I'm guessing the whole phrase 'vasca da bagno' means bathtub, while vasca alone often means sink, but its a pretty odd way to introduce the word
Bagna = bathroom Vasca = tub Vasca da bagna = bathtub Vasca per pesci = fishpond
I think that in the UK we would say "I have a bath" while "I have a bathtub" is more American
If I say "I have a bath." in American English, there would be water in the bathtub ready for me to go into. "I have a bathtub." would be the fixture that you take your bath in and it would be rather than a shower fixture.
In Australia "I have a bath" means the object in your bathroom. "I am having a bath" means you are in the bath with water. Of course, you can change the meaning by saying "I have a bath every day".
It's a long time since I posted this but I think I posted it because at the time "I have a bath" was not accepted. Likely it has changed since but I have no way of knowing as far as I can see.
I have noticed "da" is used when the word after comes attached in front of the first word in English and situation is that the word after explains which kind of the first word. For example "bathroom" is actually "stanza da bagno" but it is usually shortened to "bagno"
"location of" is using "da"
"del" is a contraction of "di" and "il", but "di" is not used for this as it is used more to say "made of" rather than explain "which kind of" or even more specifically "from where". For example "vasca della porcellana" would be a porcelain tub or a tub made of porcelain.
http://italian.about.com/library/fare/blfare153a.htm prepositional articles http://italian.about.com/library/fare/blfare114a.htm simple prepositions http://italian.about.com/od/grammar/a/italian-preposition-da.htm http://italian.about.com/library/fare/blfare157a.htm di http://italian.about.com/od/grammar/a/italian-preposition-di.htm http://italian.about.com/od/grammar/a/italian-prepositions.htm
The word for bathtub is 'vasca da bagno'. So I'm guessing in this case it's just memorization.

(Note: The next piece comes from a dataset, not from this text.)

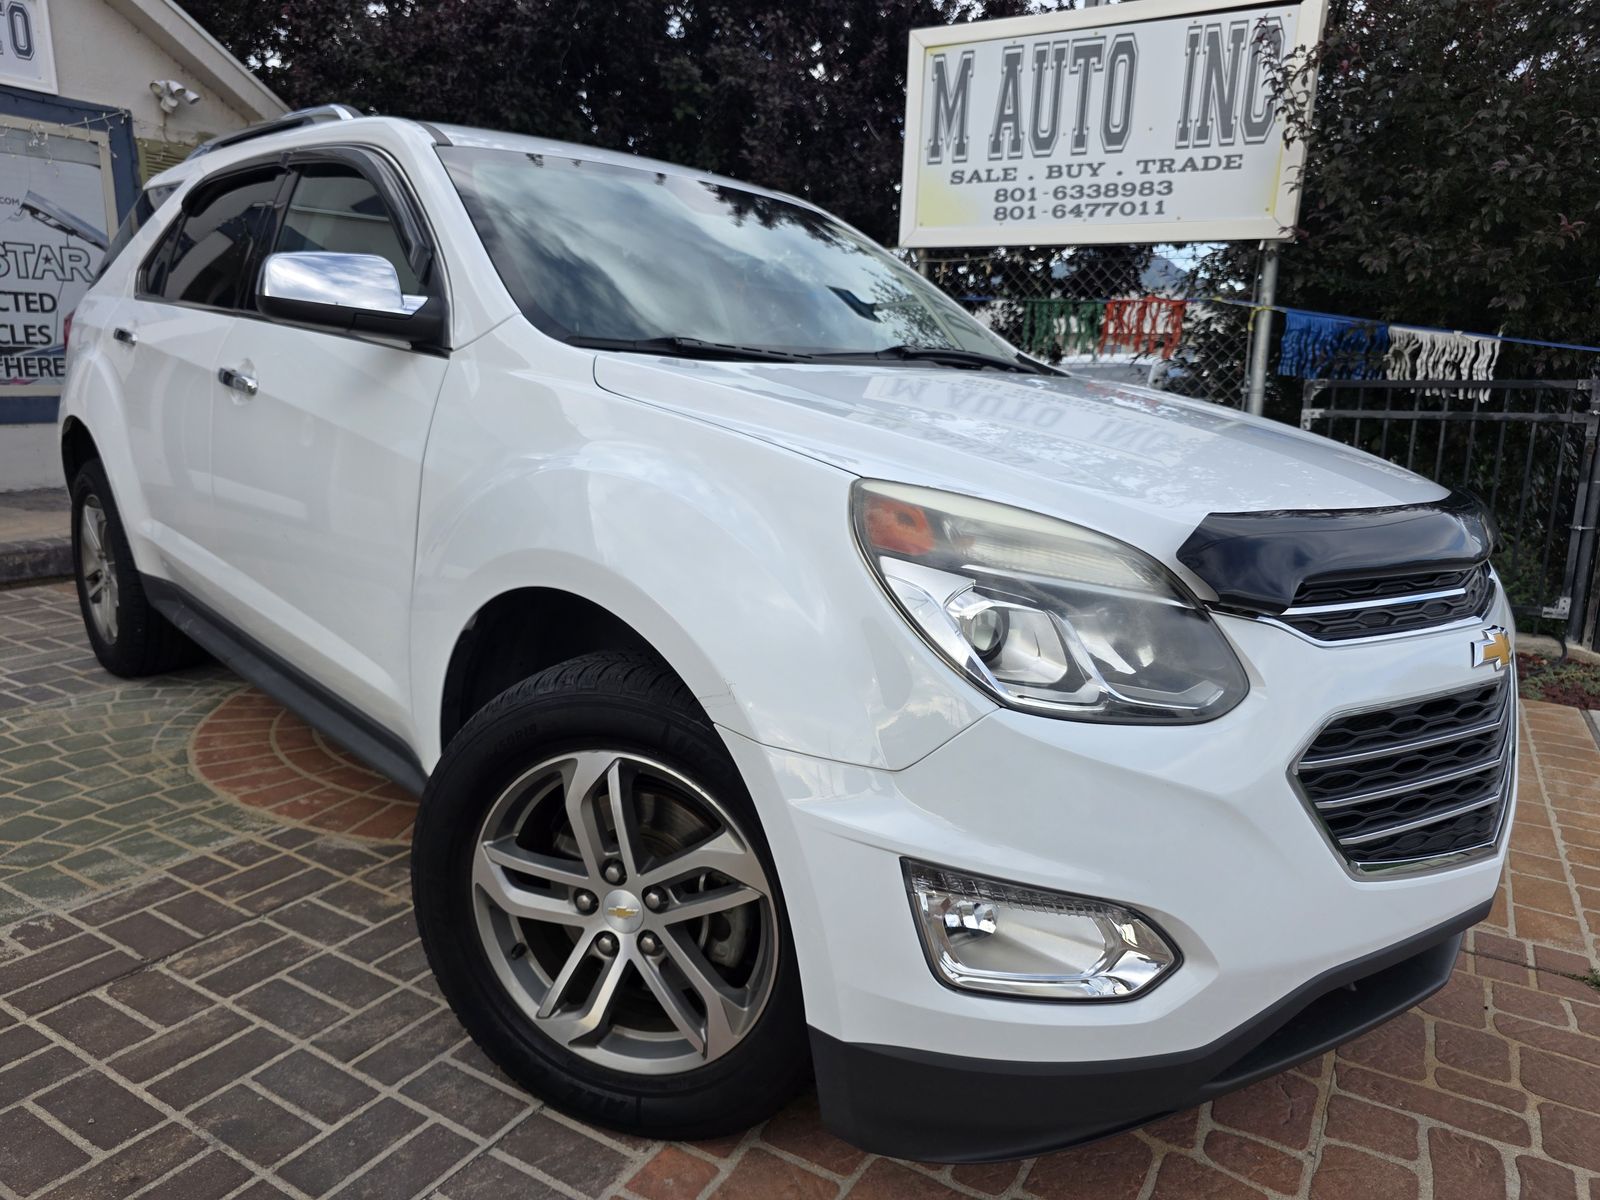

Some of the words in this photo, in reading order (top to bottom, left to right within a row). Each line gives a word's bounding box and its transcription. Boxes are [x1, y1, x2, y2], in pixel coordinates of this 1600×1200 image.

"Da" is used for causative forms. So, think of it less as "tub of the bath", as "vasca del bagno" would literally translate to, but more as "tub for bathing", which would be a literal translation of "vasca da bagno".
I'm having trouble understanding why "I have a bathtub" is synonymous with "I have a bathtub in the bathroom." Or, why is "vasca da bagno" not redundant?
"vasca" means "tub" and there are other kinds of tubs besides a bathtub.
"bagno" means "bath"
"stanza da bagno" means "bathroom"
"vasca da bagno" means "bathtub"
That being said, "stanza da bagno" is often shortened to "bagno" and so they can't very well shorten "vasca da bagno" to "bagno". That would be confusing. So people use tub for bathtub. That does not make it redundant if we use the whole term instead of the abbreviated term, because the abbreviated term stands for the whole term in the specific context only. Without that context, it has a broader meaning.